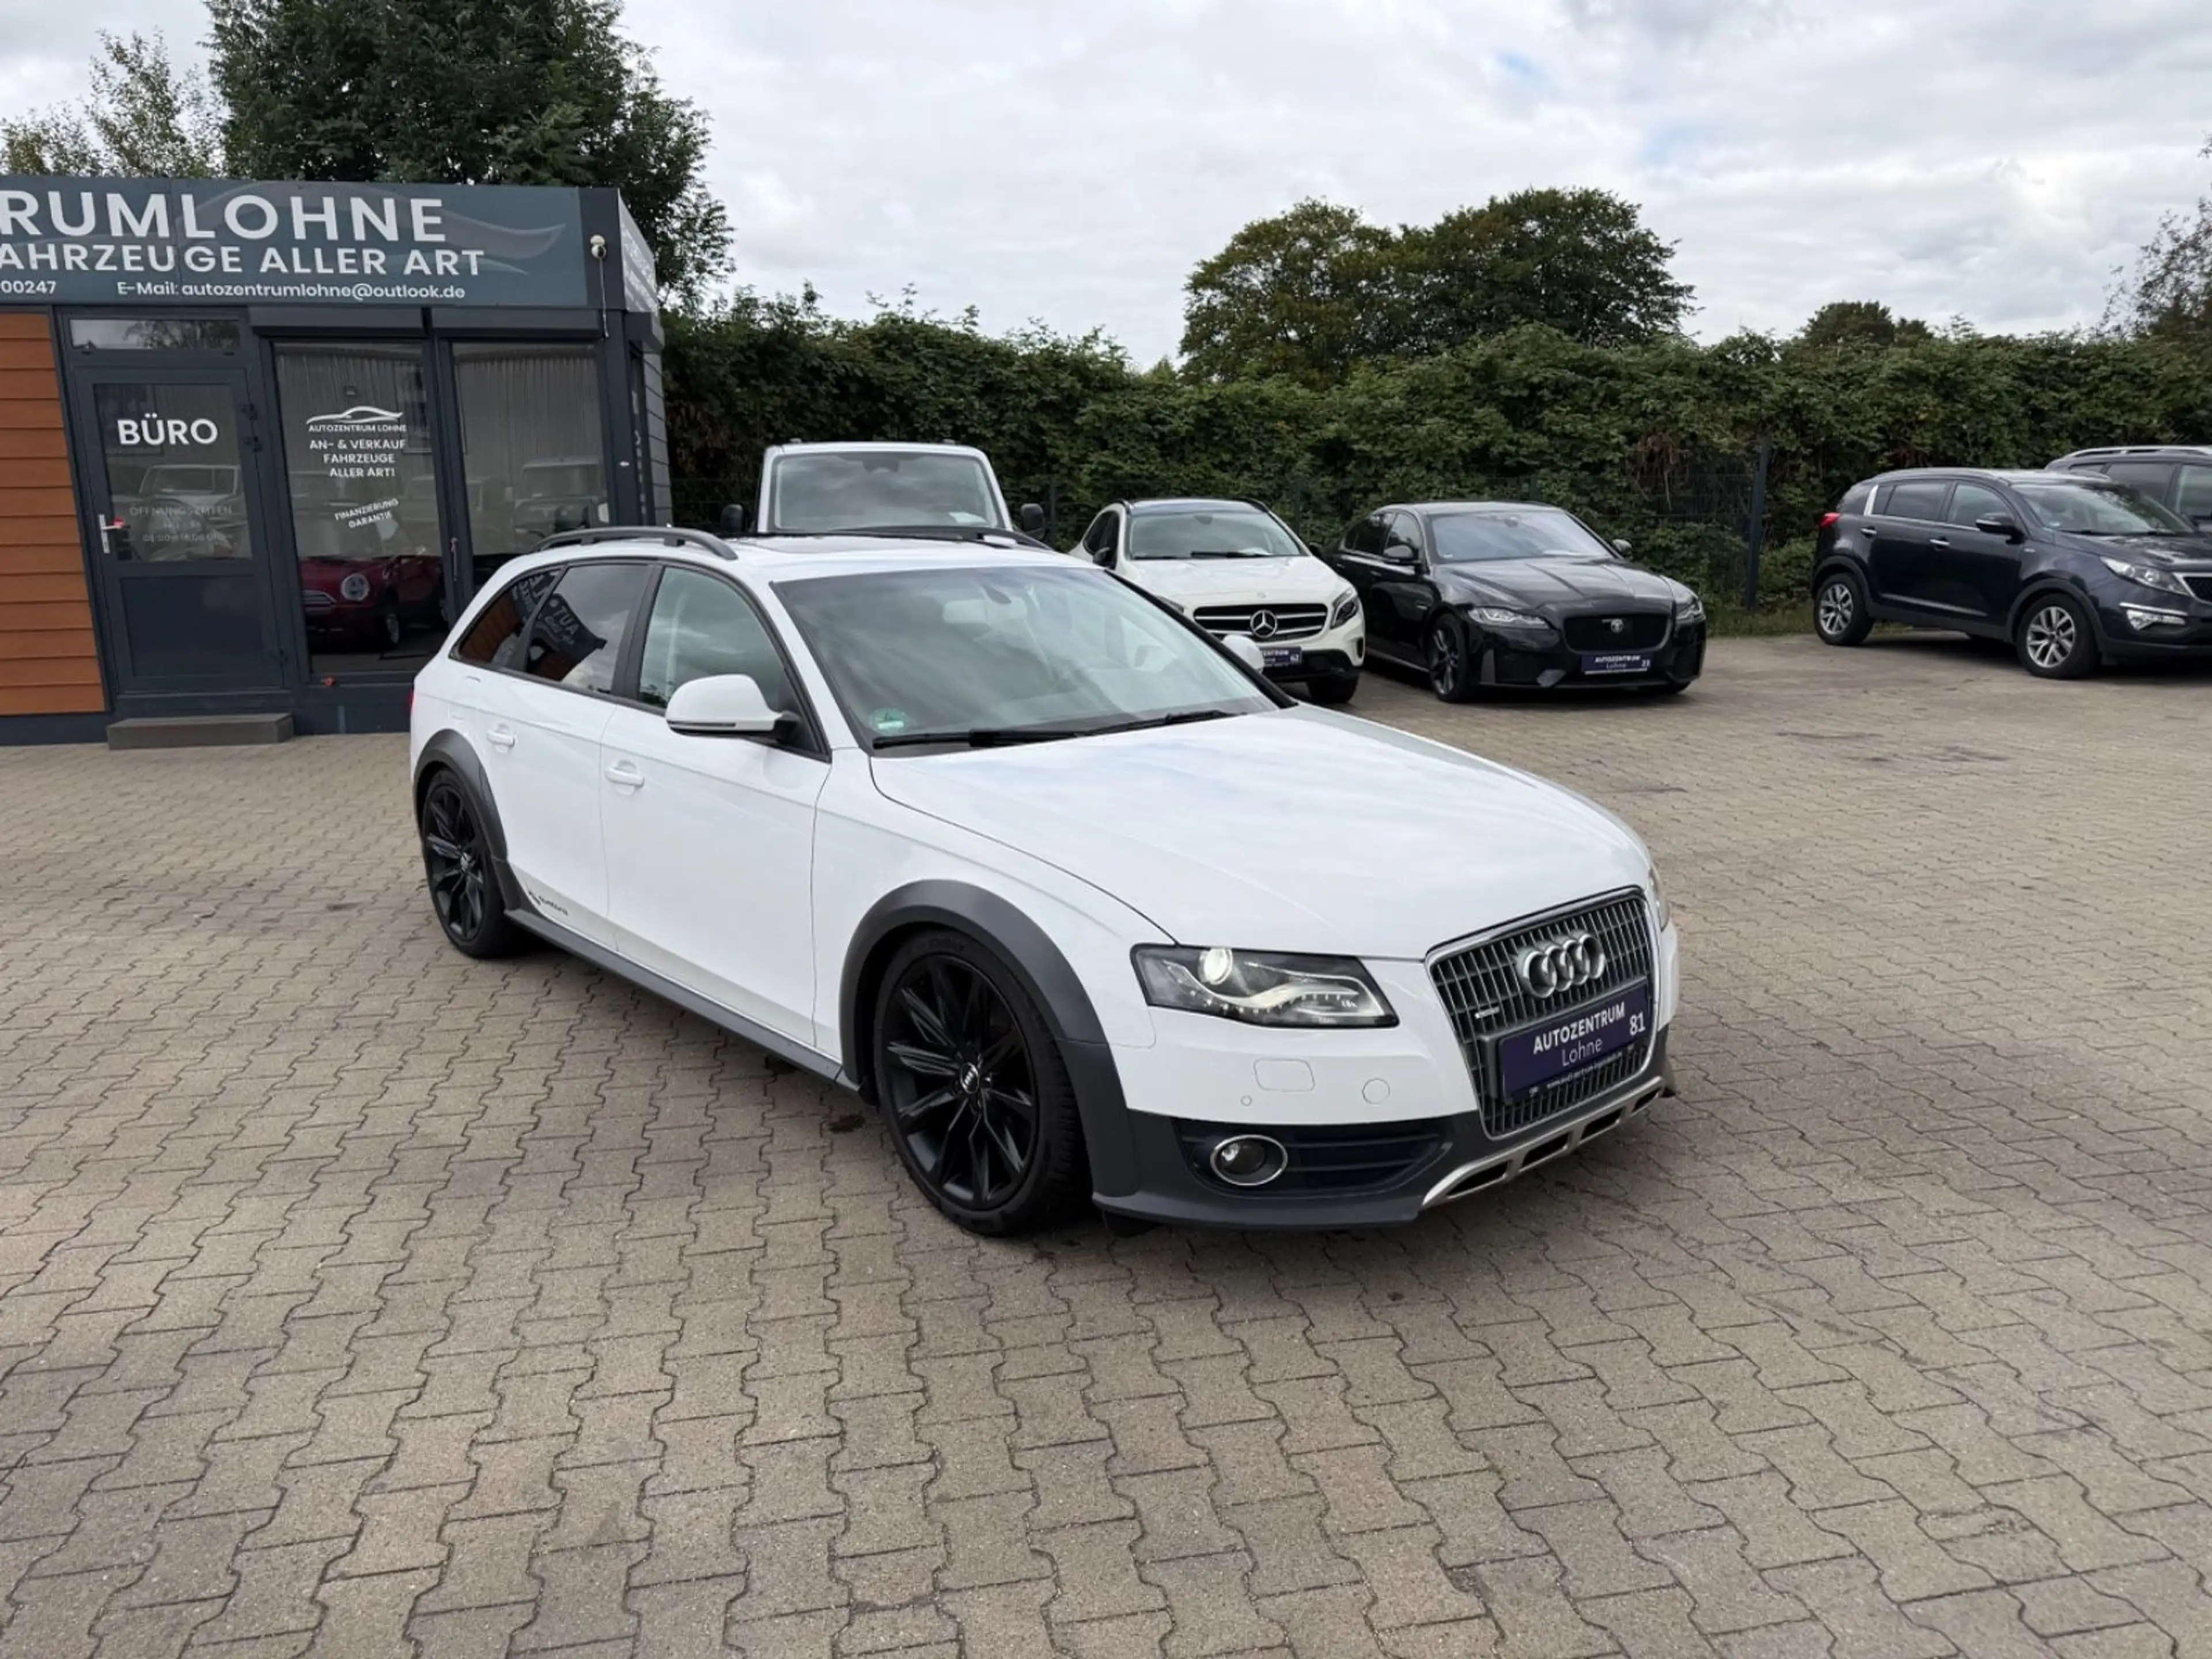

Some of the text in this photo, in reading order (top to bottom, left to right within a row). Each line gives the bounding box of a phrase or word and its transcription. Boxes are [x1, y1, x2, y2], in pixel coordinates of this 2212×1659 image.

[0, 190, 446, 242] RUMLOHNE
[0, 243, 484, 275] AHRZEUGE ALLER ART
[1, 280, 465, 302] 00247 E-Mail: autozentrumlohne@outlook.de
[117, 412, 218, 446] BÜRO
[308, 424, 407, 432] AUTOZENTRUM LOHNE
[309, 439, 406, 450] AN- & VERKAUF
[323, 453, 395, 464] FAHRZEUGE
[330, 467, 364, 478] ALLER
[1533, 1001, 1625, 1055] AUTOZENTRUM
[1629, 1012, 1646, 1036] 81
[1562, 1038, 1603, 1067] Lohne

• Problem to work on:
Copy out all the records exactly, excluding pictures.

• Response to this task:
Some of the text in this photo, in reading order (top to bottom, left to right within a row). Each line gives the bounding box of a phrase or word and its transcription. Boxes are [x1, y1, x2, y2], in pixel coordinates of this 2212×1659 image.

[0, 190, 446, 242] RUMLOHNE
[0, 243, 484, 275] AHRZEUGE ALLER ART
[1, 280, 465, 302] 00247 E-Mail: autozentrumlohne@outlook.de
[117, 412, 218, 446] BÜRO
[308, 424, 407, 432] AUTOZENTRUM LOHNE
[309, 439, 406, 450] AN- & VERKAUF
[323, 453, 395, 464] FAHRZEUGE
[330, 467, 364, 478] ALLER
[1533, 1001, 1625, 1055] AUTOZENTRUM
[1629, 1012, 1646, 1036] 81
[1562, 1038, 1603, 1067] Lohne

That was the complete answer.